After presentations, the panel invited written questions from the audience. Several questions referenced economic competitiveness related to AI model developers based in China.
“It’s a relatively limited number of people who are developing these models in the U.S., and the companies developing them are expecting to make huge profits from the models,” Chayes said. “China has a very different attitude: building open-weight models so people can go in and change the weight, which means they can be easily modified.”
“I think the copyright and intellectual property elements, as well as the decision to build open-weight models – which requires more [federal] government support than we are giving in the U.S. – will mean that China has a chance to become the strongest contributor to generative AI,” she said.

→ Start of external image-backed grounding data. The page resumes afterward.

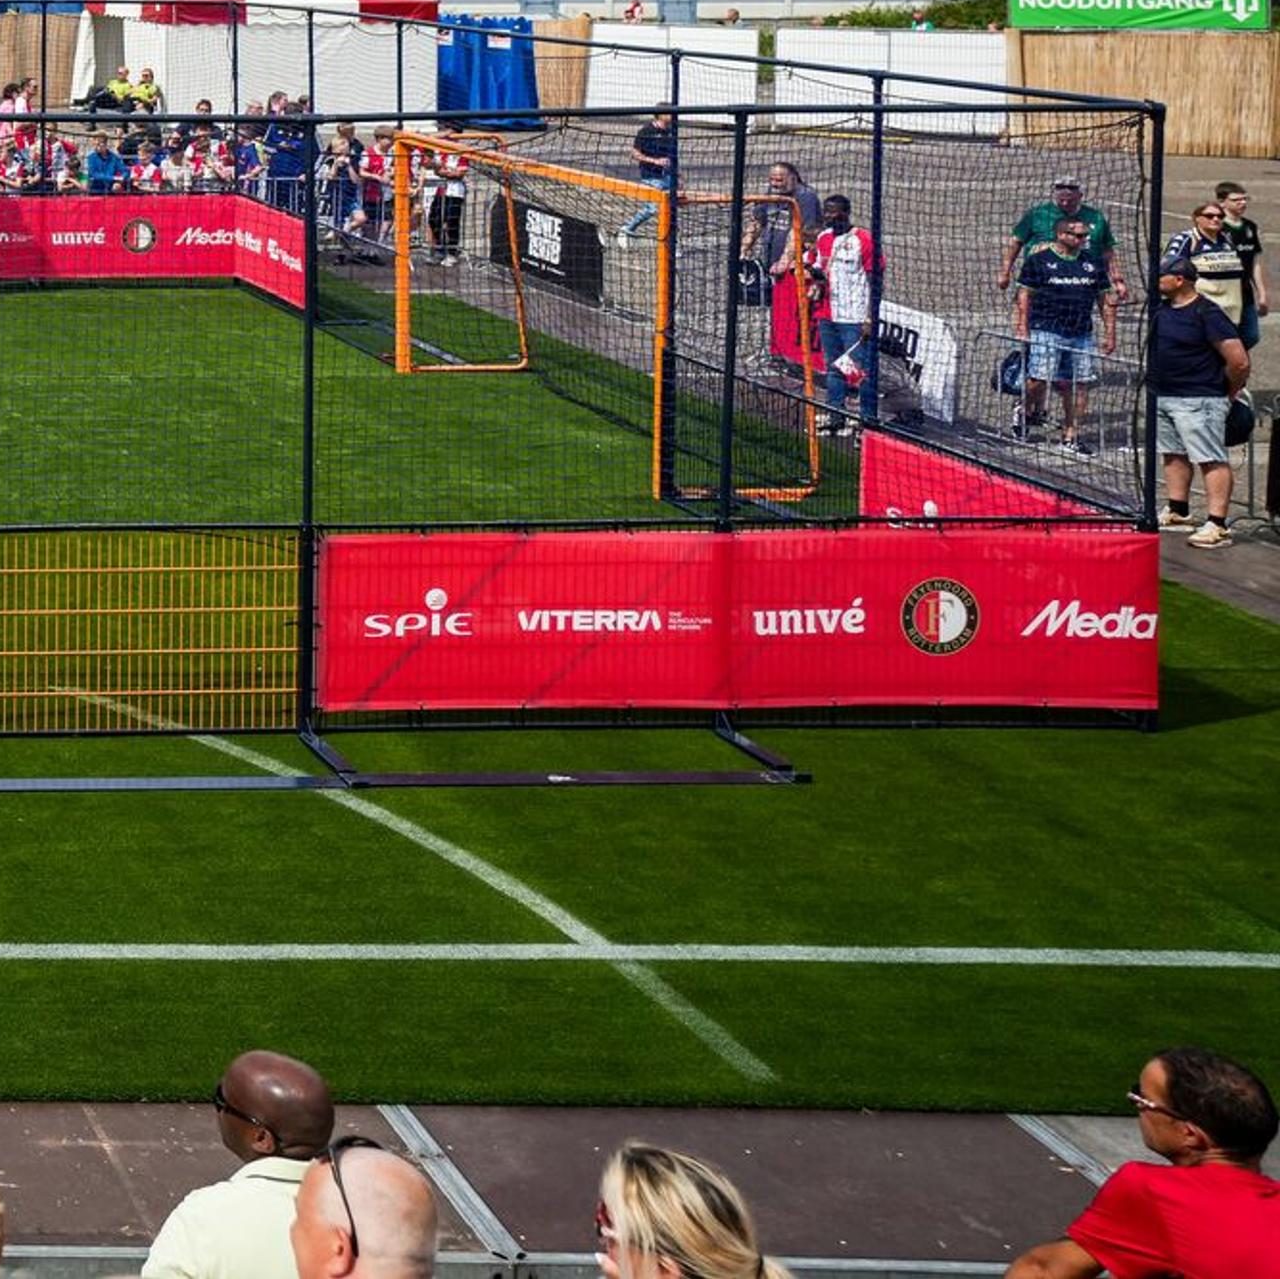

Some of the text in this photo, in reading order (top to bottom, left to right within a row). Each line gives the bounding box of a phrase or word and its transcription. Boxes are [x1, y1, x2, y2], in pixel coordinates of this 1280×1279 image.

[51, 227, 106, 245] univé
[907, 581, 973, 607] FEYENOORD
[518, 610, 662, 632] VITERRA
[753, 597, 866, 636] univé
[907, 628, 974, 653] ROTTERDAM

Chayes was part of an expert working group on frontier AI models convened by California Governor Gavin Newsom last year. In examining the best available evidence on AI, the working group published a report proposing key policy principles to help inform the use, assessment and governance of frontier AI in California. This fall, Gov. Newsom signed SB 53 – touted as the first AI safety law in the United States – and cited the working group report.